Собирались на Можайской всегда не по-петербургски рано. Анна Георгиевна, всё еще не снимая снежного фартучка и кружевной наколки, этакая "белль шоколатьер" /"Прекрасная шоколадница" - известная картина Ж. Лиотара./ в опасном возрасте, - докруживалась на кухне. Кухня, фартучек, наколочка к ней очень шли. Вокруг все еще бегали, суетились, волновались... Один только Венцеслао, реализуя свои, неведомо как добытые в этом доме дворянские привилегии, лежа на моем диване, читал с отсутствующим видом по-итальянски чудовищный роман Матильды Серао. Он ничего не терял от этой неподвижности. Как пророка Илию, его кормили разными деликатесами вороны. На головах у них были кружевные наколки...
Часов в семь начали появляться нимфы и гурии, черненькая и вертлявая, как обезьянка-уистити, Раичка в том числе. Дом заполнился еще большей сутолокой, серебристым смехом, контральтовыми возгласами Ольги Стаклэ, запахом духов и бензина (лайковые перчатки чистились только им), фиоритурами Джильды и Розины.
Часом позже в стойке для зонтов и тростей водворилась шашка с орденским темлячком. Дядя Костя, генерал Тузов, долго, с некоторым усилием нагибаясь, лобызал ручку кузины Анечки, поздравляя с торжественным днем.
Потом начались непрерывные звонки. Палаша с топотом кидалась в переднюю.
Стою, и слышу за дверям
Как будто грома грохотанье
Тяжелозвонкое скаканье!..
Это про нее кто-то там сказал, Севочка Знаменский, должно быть... Палаша возвращалась, и по выражению ее лица можно было определить, кто пришел: иной раз на нем была написана удовлетворенная корысть, иной женская суетность. Приходили ведь в беспорядке, и тароватые старшие, и веселые студиозы, от которых проку мало, одно настроение...

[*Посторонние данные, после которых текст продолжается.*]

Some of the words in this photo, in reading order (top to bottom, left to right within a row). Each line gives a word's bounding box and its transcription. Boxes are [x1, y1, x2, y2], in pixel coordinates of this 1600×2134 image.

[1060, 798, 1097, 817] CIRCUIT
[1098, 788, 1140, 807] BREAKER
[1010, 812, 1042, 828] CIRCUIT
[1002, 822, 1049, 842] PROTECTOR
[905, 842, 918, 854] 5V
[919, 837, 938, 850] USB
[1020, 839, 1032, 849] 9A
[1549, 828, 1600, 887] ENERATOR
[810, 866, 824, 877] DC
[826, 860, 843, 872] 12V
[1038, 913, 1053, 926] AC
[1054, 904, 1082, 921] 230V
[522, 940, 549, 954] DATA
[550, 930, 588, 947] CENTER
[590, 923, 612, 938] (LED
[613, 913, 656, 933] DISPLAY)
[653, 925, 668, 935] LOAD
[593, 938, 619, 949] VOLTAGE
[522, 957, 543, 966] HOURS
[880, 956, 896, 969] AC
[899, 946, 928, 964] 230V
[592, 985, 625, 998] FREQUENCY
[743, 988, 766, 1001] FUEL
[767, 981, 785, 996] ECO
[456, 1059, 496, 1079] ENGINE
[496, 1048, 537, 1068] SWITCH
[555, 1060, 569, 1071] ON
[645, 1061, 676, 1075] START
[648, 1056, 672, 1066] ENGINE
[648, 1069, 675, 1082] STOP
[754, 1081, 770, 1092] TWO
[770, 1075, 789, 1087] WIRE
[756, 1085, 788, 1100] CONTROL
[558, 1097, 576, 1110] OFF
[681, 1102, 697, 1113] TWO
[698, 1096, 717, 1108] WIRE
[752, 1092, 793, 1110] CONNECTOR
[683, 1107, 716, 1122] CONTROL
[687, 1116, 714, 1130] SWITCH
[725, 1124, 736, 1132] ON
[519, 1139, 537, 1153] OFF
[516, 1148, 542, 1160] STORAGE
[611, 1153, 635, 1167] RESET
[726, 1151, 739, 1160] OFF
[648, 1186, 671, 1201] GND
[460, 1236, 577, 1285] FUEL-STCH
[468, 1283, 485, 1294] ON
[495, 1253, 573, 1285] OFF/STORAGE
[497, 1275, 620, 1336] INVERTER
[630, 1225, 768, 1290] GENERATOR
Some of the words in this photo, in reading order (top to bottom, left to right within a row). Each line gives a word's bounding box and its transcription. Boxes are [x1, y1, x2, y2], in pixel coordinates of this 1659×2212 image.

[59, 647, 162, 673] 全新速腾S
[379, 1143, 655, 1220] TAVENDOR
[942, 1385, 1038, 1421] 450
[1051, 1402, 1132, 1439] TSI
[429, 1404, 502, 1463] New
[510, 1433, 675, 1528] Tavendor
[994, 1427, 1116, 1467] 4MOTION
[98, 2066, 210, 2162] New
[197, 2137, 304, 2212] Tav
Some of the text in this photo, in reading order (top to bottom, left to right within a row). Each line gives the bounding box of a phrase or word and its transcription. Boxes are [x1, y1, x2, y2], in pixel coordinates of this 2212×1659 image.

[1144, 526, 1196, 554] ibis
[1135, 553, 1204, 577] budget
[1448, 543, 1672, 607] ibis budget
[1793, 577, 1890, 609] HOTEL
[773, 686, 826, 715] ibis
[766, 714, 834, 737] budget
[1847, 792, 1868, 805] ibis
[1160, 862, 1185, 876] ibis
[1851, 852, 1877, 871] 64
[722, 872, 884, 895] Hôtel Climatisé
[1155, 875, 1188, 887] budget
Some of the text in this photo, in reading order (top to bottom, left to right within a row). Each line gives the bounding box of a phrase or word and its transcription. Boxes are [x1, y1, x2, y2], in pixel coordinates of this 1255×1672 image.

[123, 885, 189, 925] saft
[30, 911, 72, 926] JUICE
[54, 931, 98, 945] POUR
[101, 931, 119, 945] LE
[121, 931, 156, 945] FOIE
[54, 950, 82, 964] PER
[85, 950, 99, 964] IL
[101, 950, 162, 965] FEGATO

Прибыли, как всегда, два Лизаветочкиных дальних родича, провинциалы-вологжане, студенты-лесники, Коля положительный и Коля отрицательный, фамилий их как-то никто никогда не употреблял.
- Гм... толково! - сильно напирая на "о", отреагировал на накрытый, уставленный бутылками и закусонами стол Коля положительный.
- Э... коряво! - с тем же северным акцентом отозвался Коля отрицательный, разглядев аккуратные записочки с именами гостей, разложенные у приборов. Такое ограничение свободной воли застольников никогда не устраивало его.
- Коля, подите сюда! - тотчас же взялась за него Раичка Бернштам. Сейчас же объясните, что означает это ваше вечное "коряво"? Что за нелепое выражение?